§ **Your instructions**: The expected response is the full listing, retyped exactly, without its images.

§ **Data for this exercise**:
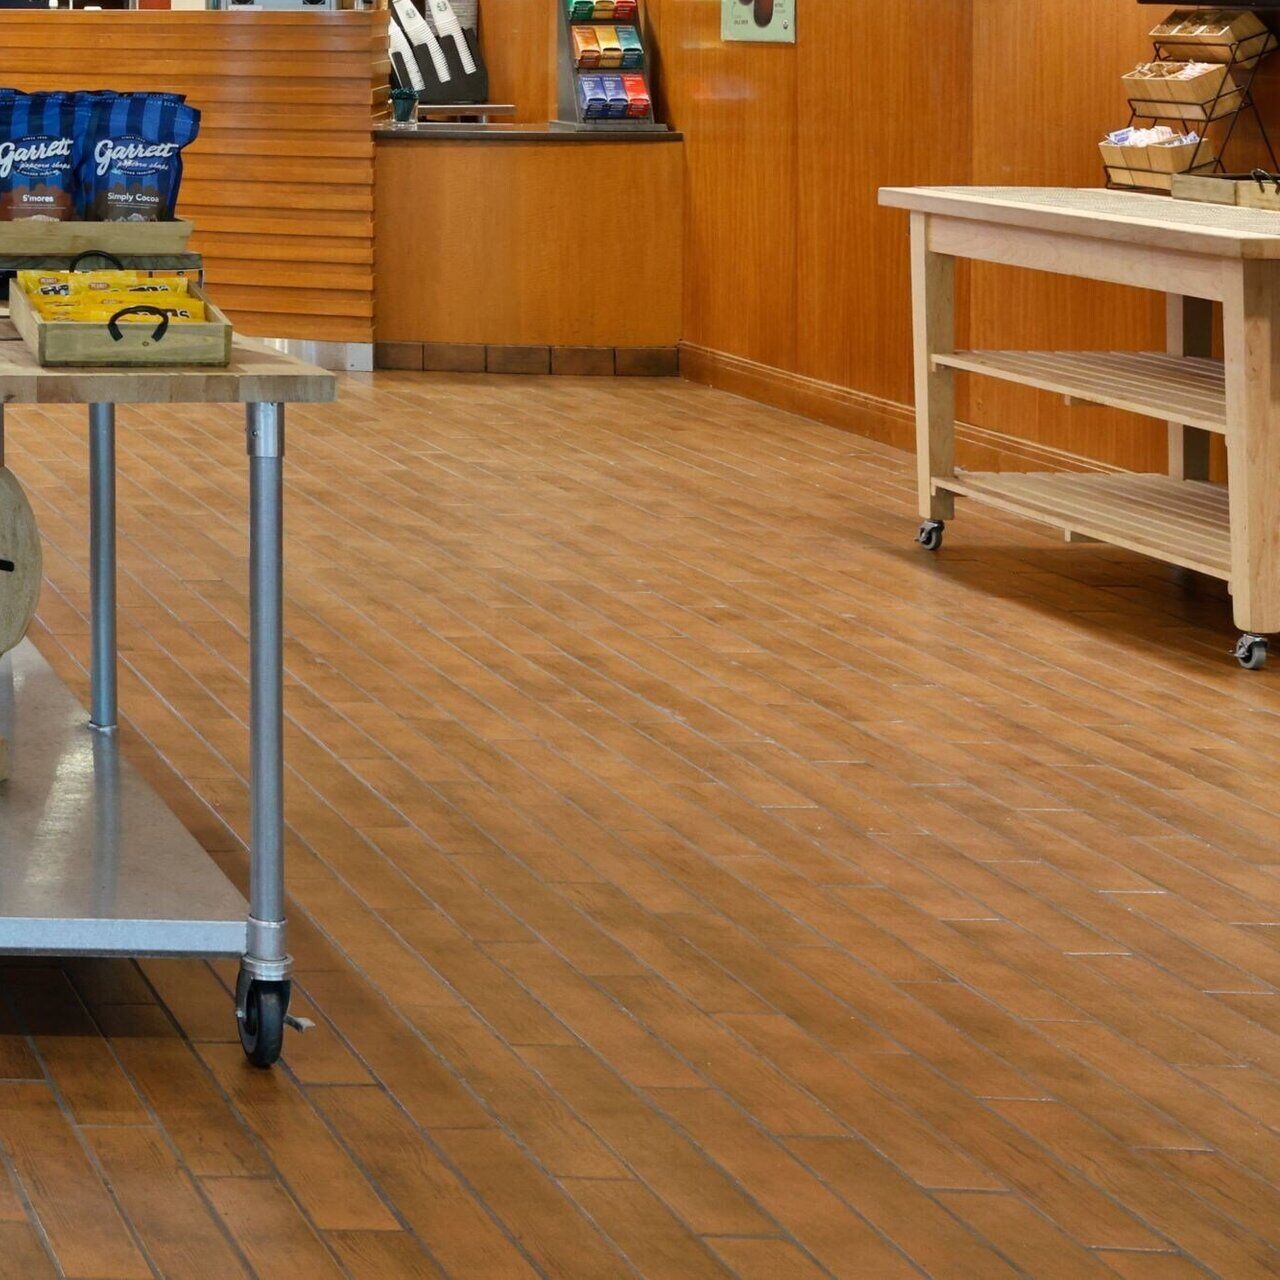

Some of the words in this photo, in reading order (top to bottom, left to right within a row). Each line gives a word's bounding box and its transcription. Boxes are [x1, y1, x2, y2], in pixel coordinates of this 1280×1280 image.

[94, 140, 179, 176] Garrett
[22, 194, 54, 202] S'mores
[107, 192, 134, 202] Simply
[135, 194, 160, 203] Cocoa

§ **Answer to the exercise**:
Some of the words in this photo, in reading order (top to bottom, left to right within a row). Each line gives a word's bounding box and its transcription. Boxes are [x1, y1, x2, y2], in pixel coordinates of this 1280×1280 image.

[94, 140, 179, 176] Garrett
[22, 194, 54, 202] S'mores
[107, 192, 134, 202] Simply
[135, 194, 160, 203] Cocoa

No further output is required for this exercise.